# Link to Hatsumi video!



## Brian R. VanCise (May 12, 2006)

Here is a link to a show on Hatsumi!  Enjoy.  ****Warning - Adult Content Advertisements in Link.  Viewer Discretion Advised! - Flatlander****
http://www.spikedhumor.com/articles/27397/The_Last_Ninja_On_Earth.html

Brian R. VanCise
www.instinctiveresponsetraining.com


----------



## ed-swckf (May 19, 2006)

Brian R. VanCise said:
			
		

> Here is a link to a show on Hatsumi! Enjoy.
> http://www.spikedhumor.com/articles/27397/The_Last_Ninja_On_Earth.html
> 
> Brian R. VanCise
> www.instinctiveresponsetraining.com


 
I saw that on TV a few times, i found it really interesting.  Good to be able to see it again because i'm quite interested in ninjutsu at the moment.


----------



## Cyber Ninja (May 19, 2006)

I seem to be having trouble getting the player to work.


----------



## Andrew Green (May 19, 2006)

So did I, but right under it is this:

"Trouble playing the video? Click here to download the original."

Which links you to a .wmv file of it.


----------



## Blade of the East (May 20, 2006)

Gee how old is Hatsumi?     Did you see how easily he dodged the sword attacks?
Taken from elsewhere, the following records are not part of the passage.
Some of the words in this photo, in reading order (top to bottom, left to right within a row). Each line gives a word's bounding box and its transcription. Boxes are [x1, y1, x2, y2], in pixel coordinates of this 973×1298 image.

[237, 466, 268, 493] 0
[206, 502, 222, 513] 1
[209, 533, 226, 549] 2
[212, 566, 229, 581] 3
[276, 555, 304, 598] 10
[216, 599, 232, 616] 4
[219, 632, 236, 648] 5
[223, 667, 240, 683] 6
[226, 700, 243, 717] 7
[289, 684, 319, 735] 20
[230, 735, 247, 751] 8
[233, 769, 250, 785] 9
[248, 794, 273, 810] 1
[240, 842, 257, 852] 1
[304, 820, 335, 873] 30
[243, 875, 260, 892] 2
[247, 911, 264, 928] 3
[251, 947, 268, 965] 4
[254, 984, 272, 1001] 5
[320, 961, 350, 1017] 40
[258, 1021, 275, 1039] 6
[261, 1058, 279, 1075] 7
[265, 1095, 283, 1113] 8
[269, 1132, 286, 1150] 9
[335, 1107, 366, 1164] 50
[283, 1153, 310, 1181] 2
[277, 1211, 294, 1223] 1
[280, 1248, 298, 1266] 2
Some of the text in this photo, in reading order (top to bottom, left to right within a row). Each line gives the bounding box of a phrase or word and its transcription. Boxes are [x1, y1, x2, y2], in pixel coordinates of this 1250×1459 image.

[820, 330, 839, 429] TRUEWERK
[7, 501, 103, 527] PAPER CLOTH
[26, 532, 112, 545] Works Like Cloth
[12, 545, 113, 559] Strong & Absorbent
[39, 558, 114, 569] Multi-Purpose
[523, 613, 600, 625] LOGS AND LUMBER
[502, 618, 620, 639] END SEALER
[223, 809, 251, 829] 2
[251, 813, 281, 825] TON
(The show this clip was taken from is great. Too bad the dvd series is only sold in the UK!)


----------



## Cyber Ninja (May 21, 2006)

Finally, got it to work.


----------



## Bigshadow (May 22, 2006)

Brian R. VanCise said:
			
		

> Here is a link to a show on Hatsumi!  Enjoy.
> http://www.spikedhumor.com/articles/27397/The_Last_Ninja_On_Earth.html
> 
> Brian R. VanCise
> www.instinctiveresponsetraining.com



Thanks for the link.  It was interesting.


----------